Frankie Freako (2024)

When Conor’s wife gets dolled up in lingerie for date night, she tells him she was thinking that maybe they could do a little more than hold hands for a change. “What more is there?” Conor asks incredulously. There are many movies (most of them) in which I simply wouldn’t accept a joke as lame as that, but it’s less about the joke and more about the way it’s told. In his previous film, Psycho Goreman, director Steven Kostanski included a scene that had me laugh uncontrollably for several minutes straight; it involved a telepathic connection taking place, without warning, in a bathroom.

In an even earlier picture of his, Manborg, Kostanski crafted an entire feature held together by a few hundred bucks, duct tape, and a load of guerrilla creativity. That movie relied heavily (and charmingly) on the kind of CGI that wouldn’t convince a toddler, but boy was it fun. The bigger his budgets get, the less he relies on CGI and the more he employs the kind of practical effects that tickle me to pieces. In Frankie Freako, I’m thrilled to report the creature effects are obvious puppets.

Conor, frustrated by the fact that even his boss thinks he’s a hopeless square, decides to call a party hotline as advertised on TV. Perhaps it’s more of a Canadian thing, but I ate, slept, and breathed late night television in the states and I absolutely do not remember any such advertisements for party lines that didn’t promise scantily clad women would call you, but I digress. Upon waking up the following morning, Conor discovers he blacked out while partying hard the night before. His trashed home is now inhabited by three prankster creatures of the Ghoulies variety who refuse to leave until Conor learns to lighten up permanently.
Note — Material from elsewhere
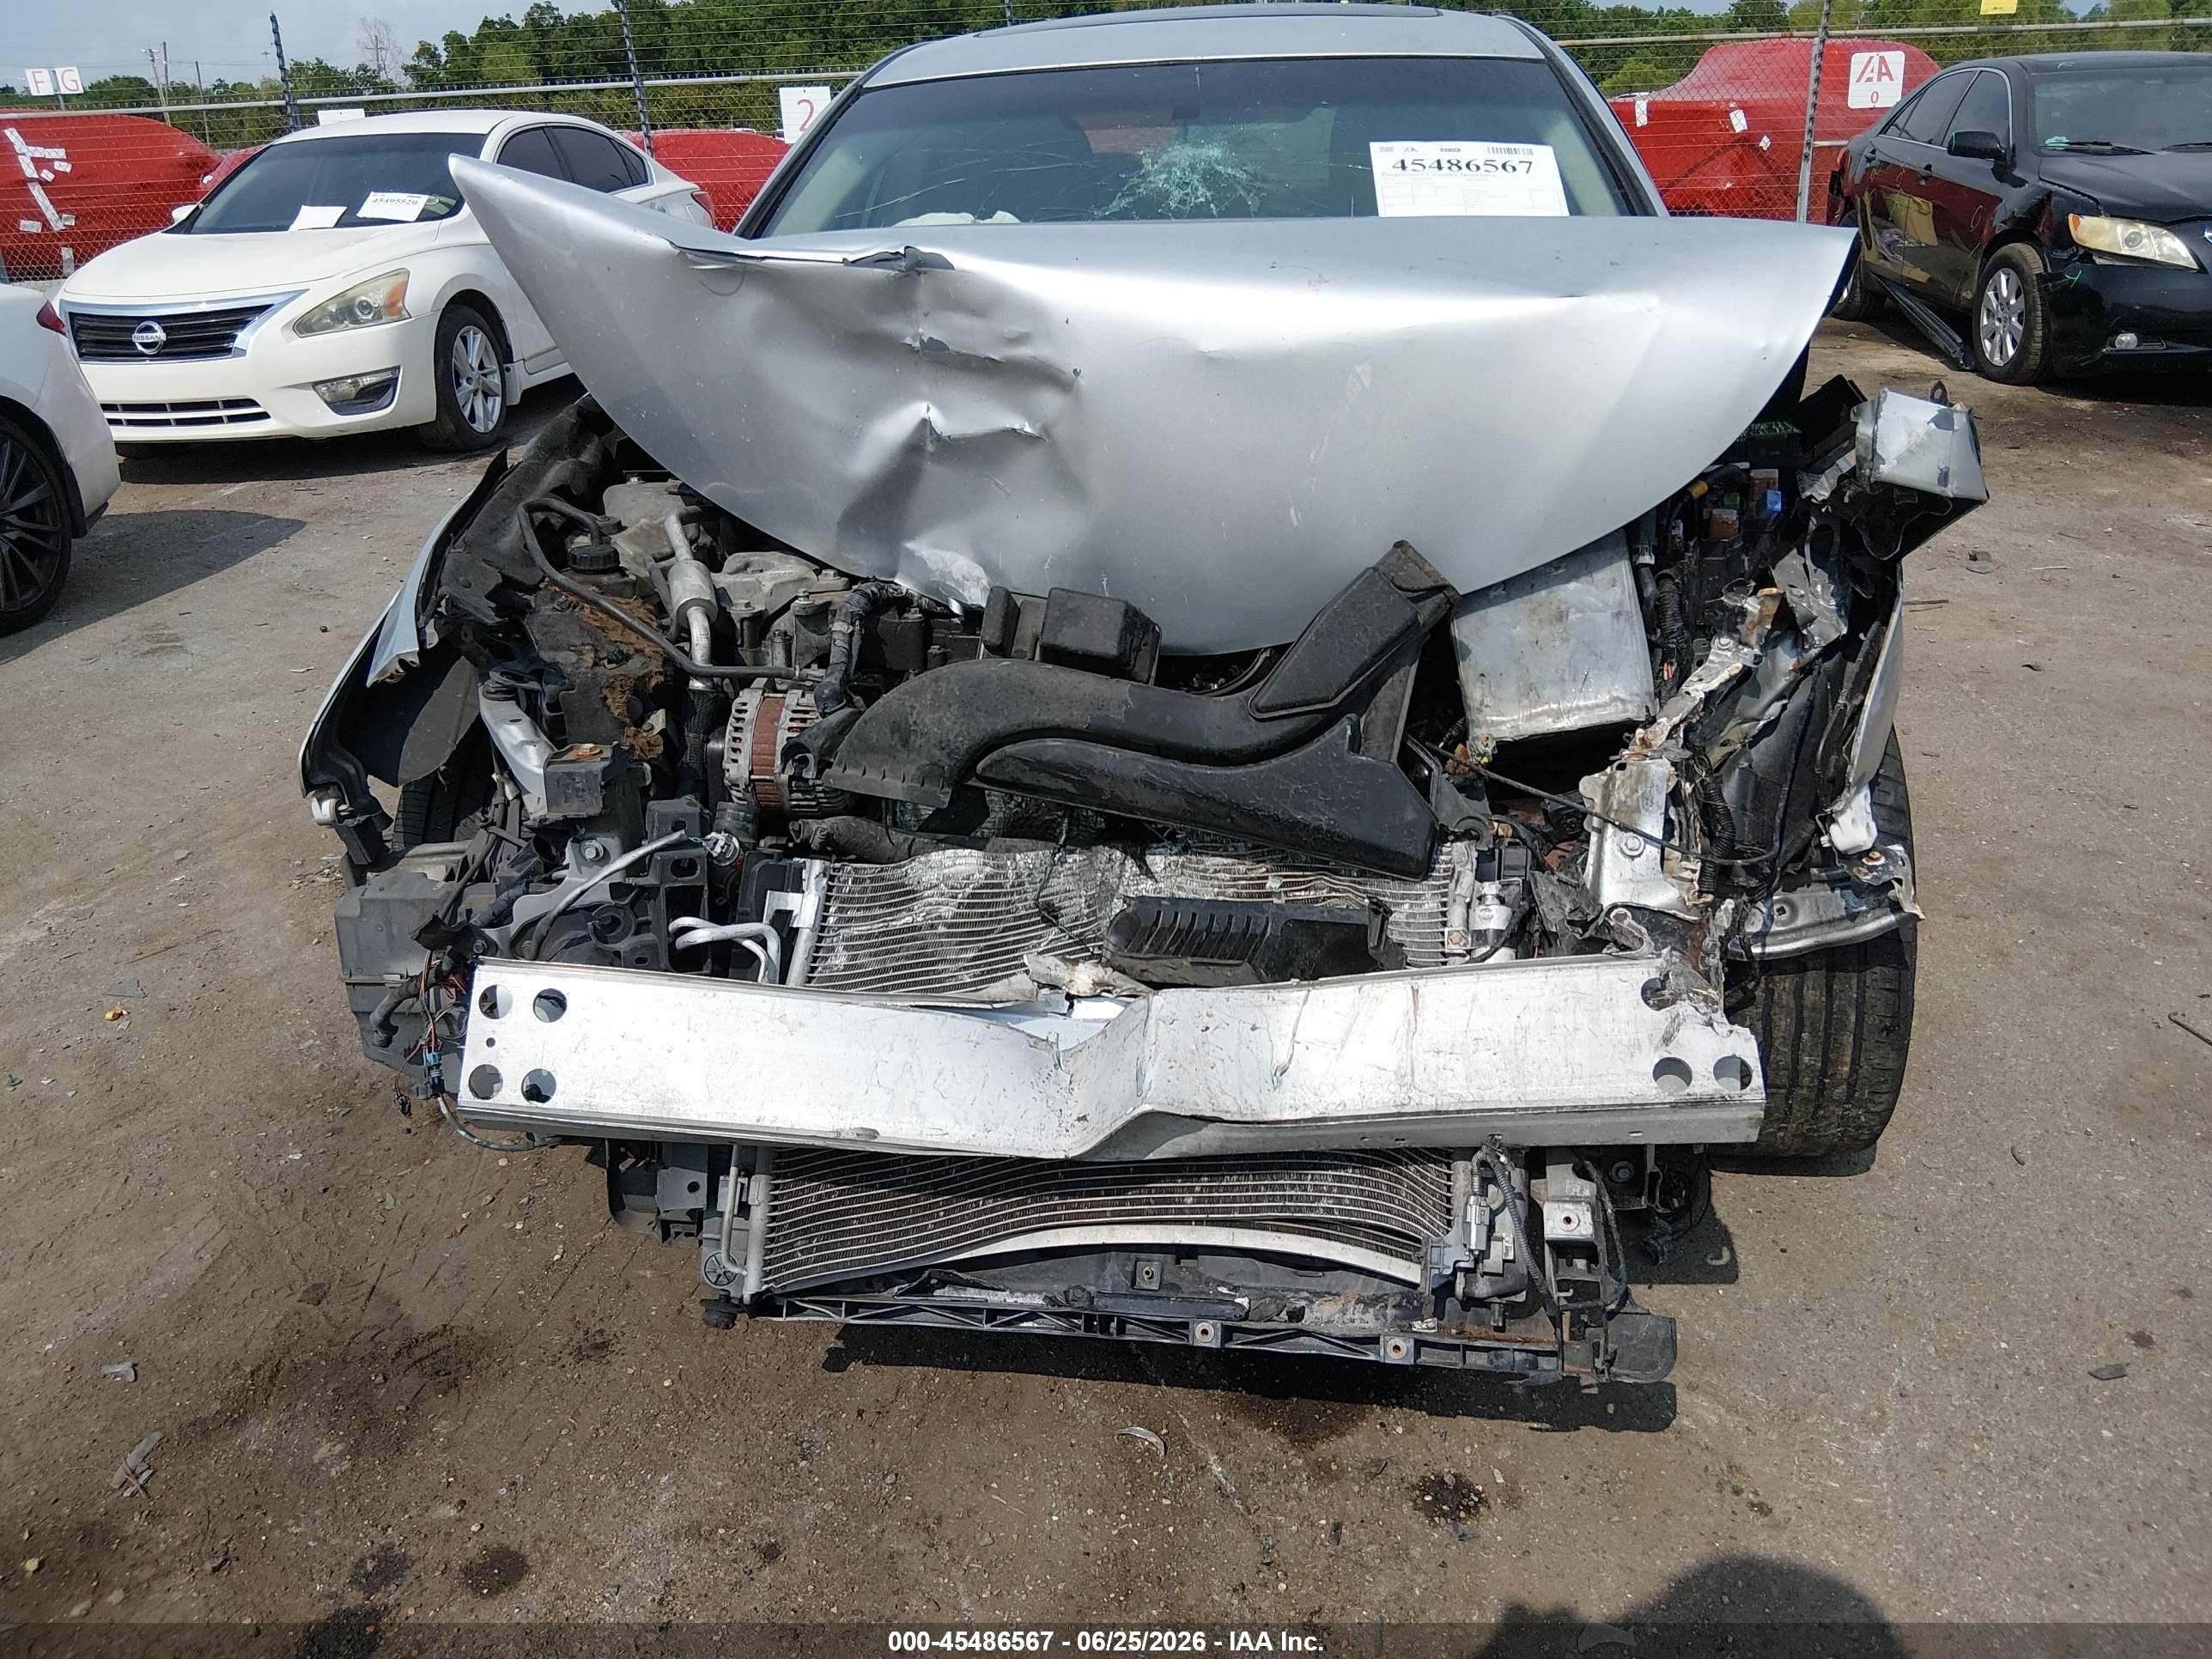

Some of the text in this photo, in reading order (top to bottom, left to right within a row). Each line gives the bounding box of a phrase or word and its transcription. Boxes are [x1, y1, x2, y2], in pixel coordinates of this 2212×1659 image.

It’s not long before the evil corporation that subjugated Frankie Freako’s entire planet catches wind of the creatures’ whereabouts and kidnaps them along with Conor. The bad guys are voiced by the Red Letter Media regulars, which was particularly surprising as I clocked Rich Evans’ voice in Psycho Goreman immediately, but in this one, I had no idea he had such a large role (the main villain, in fact) until the credits rolled. At any rate, Conor must let his freak(o) flag fly in order to get back to earth and rekindle his relationship with his wife. All the while, Kostanski has fun with the kind of absurd plot conventions that were only routine in the coked-up 80s.

As of this writing, the movie is available on Shudder.

28 Years Later

I can’t remember the last time a trailer gave away so little plot information. It advertises a man and his twelve year old boy will leave the safety of their fortified island community to explore the mainland, which has been overrun by those infected by the psycho-virus Rage for twenty-eight years. This accurately represents perhaps twenty minutes of the film’s runtime. What happens next feels like truly uncharted territory… which is fitting for the crazed subject matter.

The enigmatic trailer also gives us only a fleeting glimpse of Ralph Fiennes, looking absolutely insane with his bald head and red skin. His mysterious character is spoken about in hushed whispers throughout the first half of the film, adding to the suspense of his eventual reveal. You think you have a pretty good idea of who he is and what kind of role he’ll fulfill, but you probably don’t. To say I was hyped to see this character is an understatement. I wasn’t let down in the least as he’s the best part of the movie.

As with 28 Weeks Later, this movie opens with a flashback to the first year of the virus’s spread. The opening isn’t as intense as the one which featured Robert Carlyle making an impossible decision, but it’s comforting to see Danny Boyle hit the ground running for his return to the series. You’d think the director’s Oscar might’ve gone to his head, steering this sequel straight into “elevated horror” territory; instead he has a group of infected psychopaths shred through a roomful of helpless children before descending on a hysterically laughing priest. Anyone who’s spent any time reading this blog will know this is exactly the kind of horror I cherish: the kind that isn’t embarrassed of the genre’s roots.

In more than one interview, Danny Boyle has tried to make the case that the 28 series aren’t zombie movies. In this movie, screenwriter Alex Garland has a Swedish soldier wash up on shore and flat-out refer to the infected people as “zombies,” perhaps jokingly. This is a jarring thing to hear when actual zombie movies typically go out of their way to avoid the “Z” word (which is even riffed on in Shaun of the Dead), as if they take place in a universe in which George Romero never existed. Speaking of the soldier, I previously pointed out that these movies are at their best when the military forces are absent. I’m happy to report the military presence in this one is applied even more sparingly than it was in the original picture.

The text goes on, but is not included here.